Explore research programs with IPAC science staff involvement and leadership.



The 5mJy Unbiased Spitzer Extragalactic Survey (5Muses) is a mid-infrared spectroscopic survey of 330 galaxies with the Infrared Spectrograph (IRS) aboard Spitzer. 5MUSE bridges the gap between the bright, nearby infrared galaxies known before Spitzer, and the much fainter, more distant sources which have been the focus of much of the dedicated Spitzer IRS follow-up to date. The legacy of the 5Muses survey is a library of high quality IRS spectra that will be critical for providing: (1) a statistically complete accounting of the relative contribution of stars and AGN in IR-bright galaxies; (2) an overview of the prevailing physical conditions in the dusty ISM in galaxies over the past 2-5 Gyr; (3) proper modeling of the number counts and backgrounds in the infrared out to z=1, and a critical resource for future missions like WISE, Herschel and JWST. 5Muses is a Spitzer Legacy Science program led by IPAC’s director George Helou and a diverse team of scientists at IPAC.
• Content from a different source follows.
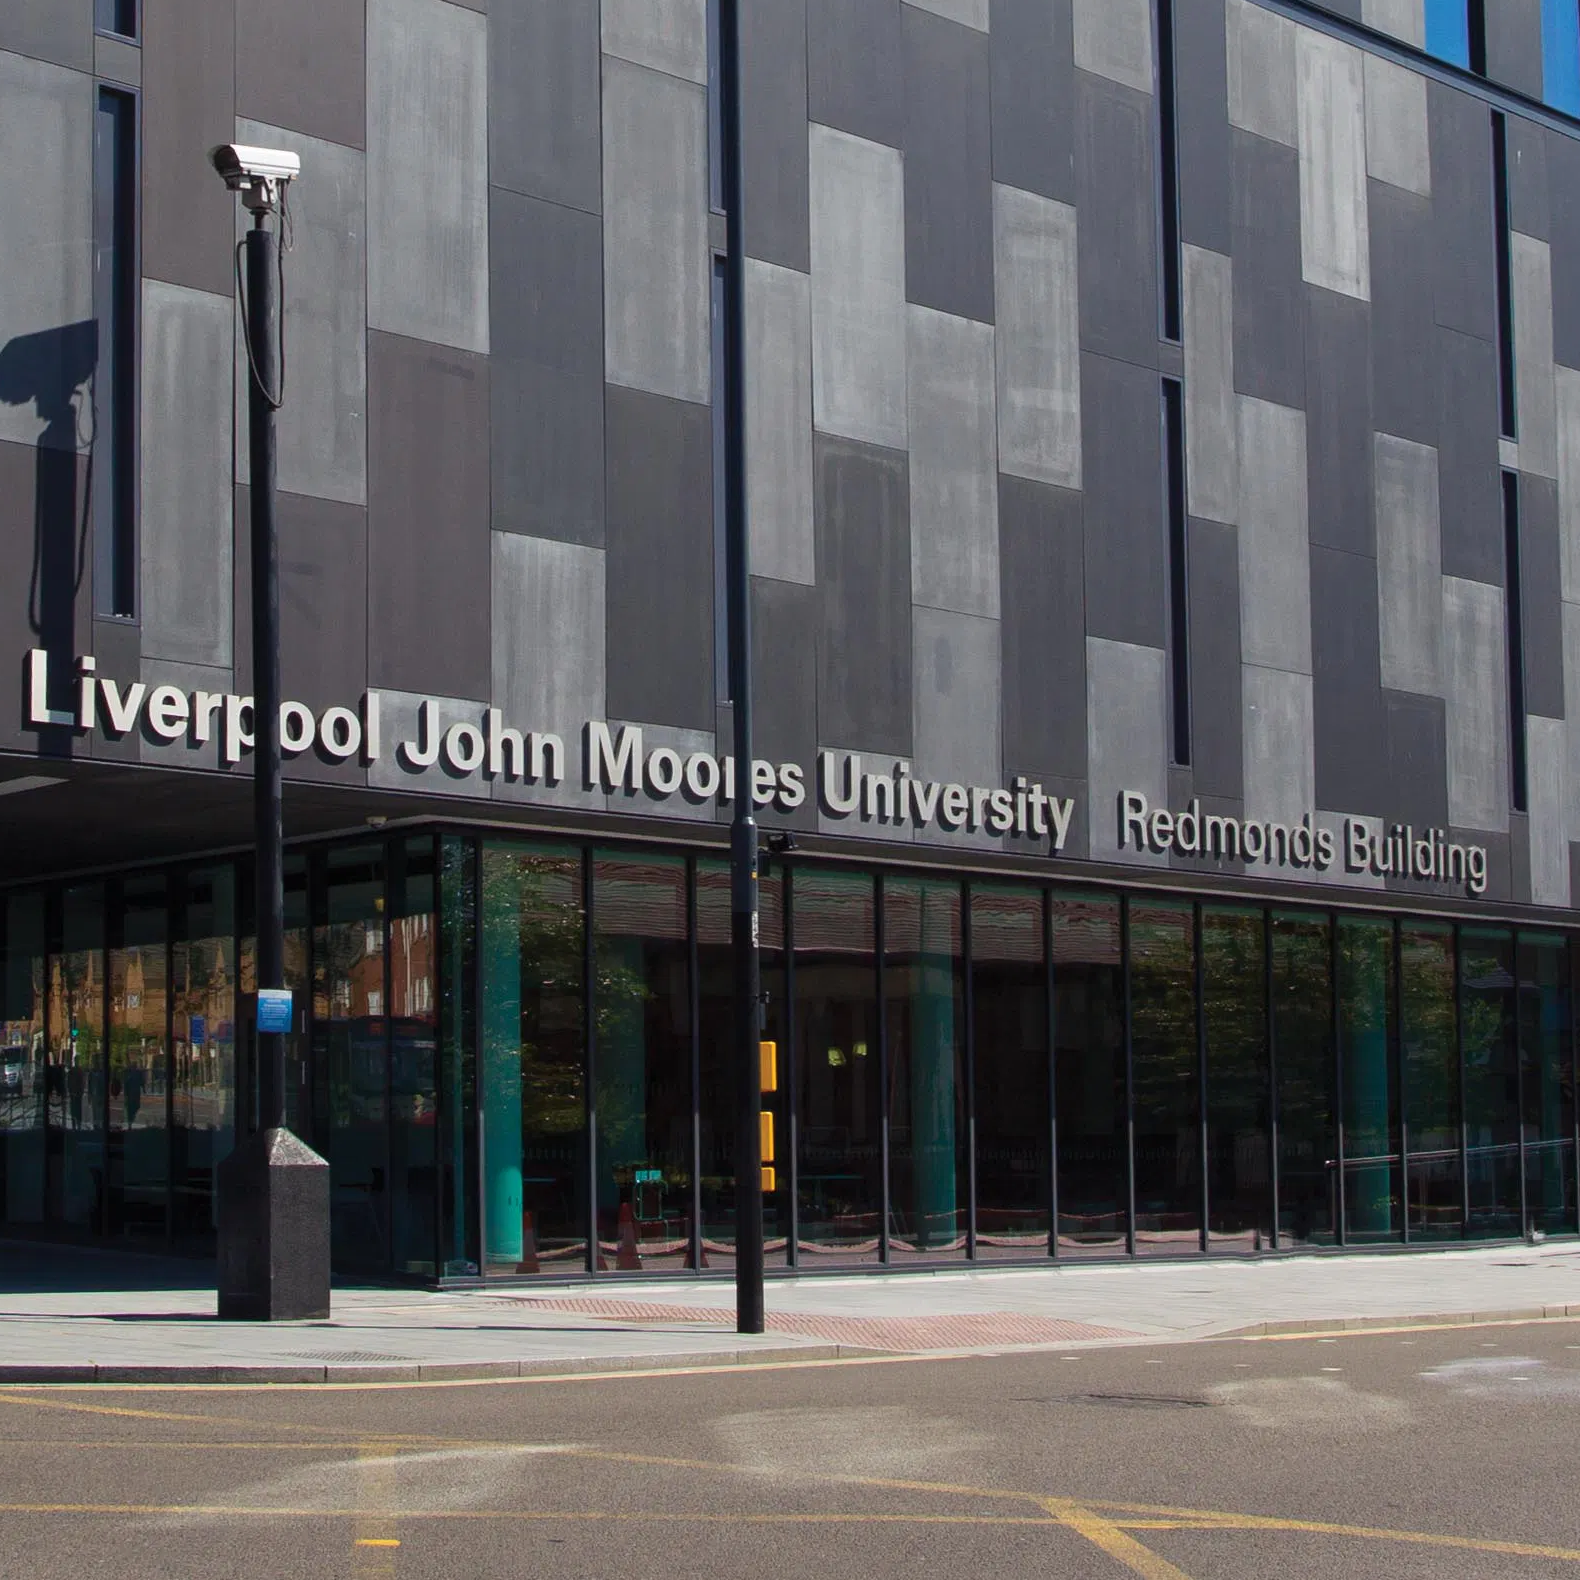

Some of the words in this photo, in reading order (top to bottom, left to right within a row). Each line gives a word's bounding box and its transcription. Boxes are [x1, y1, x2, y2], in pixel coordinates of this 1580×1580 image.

CANDELS is a powerful imaging survey of the distant Universe which was carried out with near-infrared WFC3 and optical ACS camera on board the Hubble Space Telescope. The survey was designed to focus on two critical epochs in cosmic evolution: (1) At "Cosmic Dawn", less than 1 billion years after the Big Bang, the first seeds of cosmic structure began to take shape; (2) At "Cosmic High Noon", 2-4 billion years after the Big Bang, galaxies went on a growth splurge as huge gravity-driven rivers of gas flowed into them along the "cosmic web". The CANDELS team included IPAC scientists and data processing and analysis of the survey's UV component (in GOODS North) was led by IPAC.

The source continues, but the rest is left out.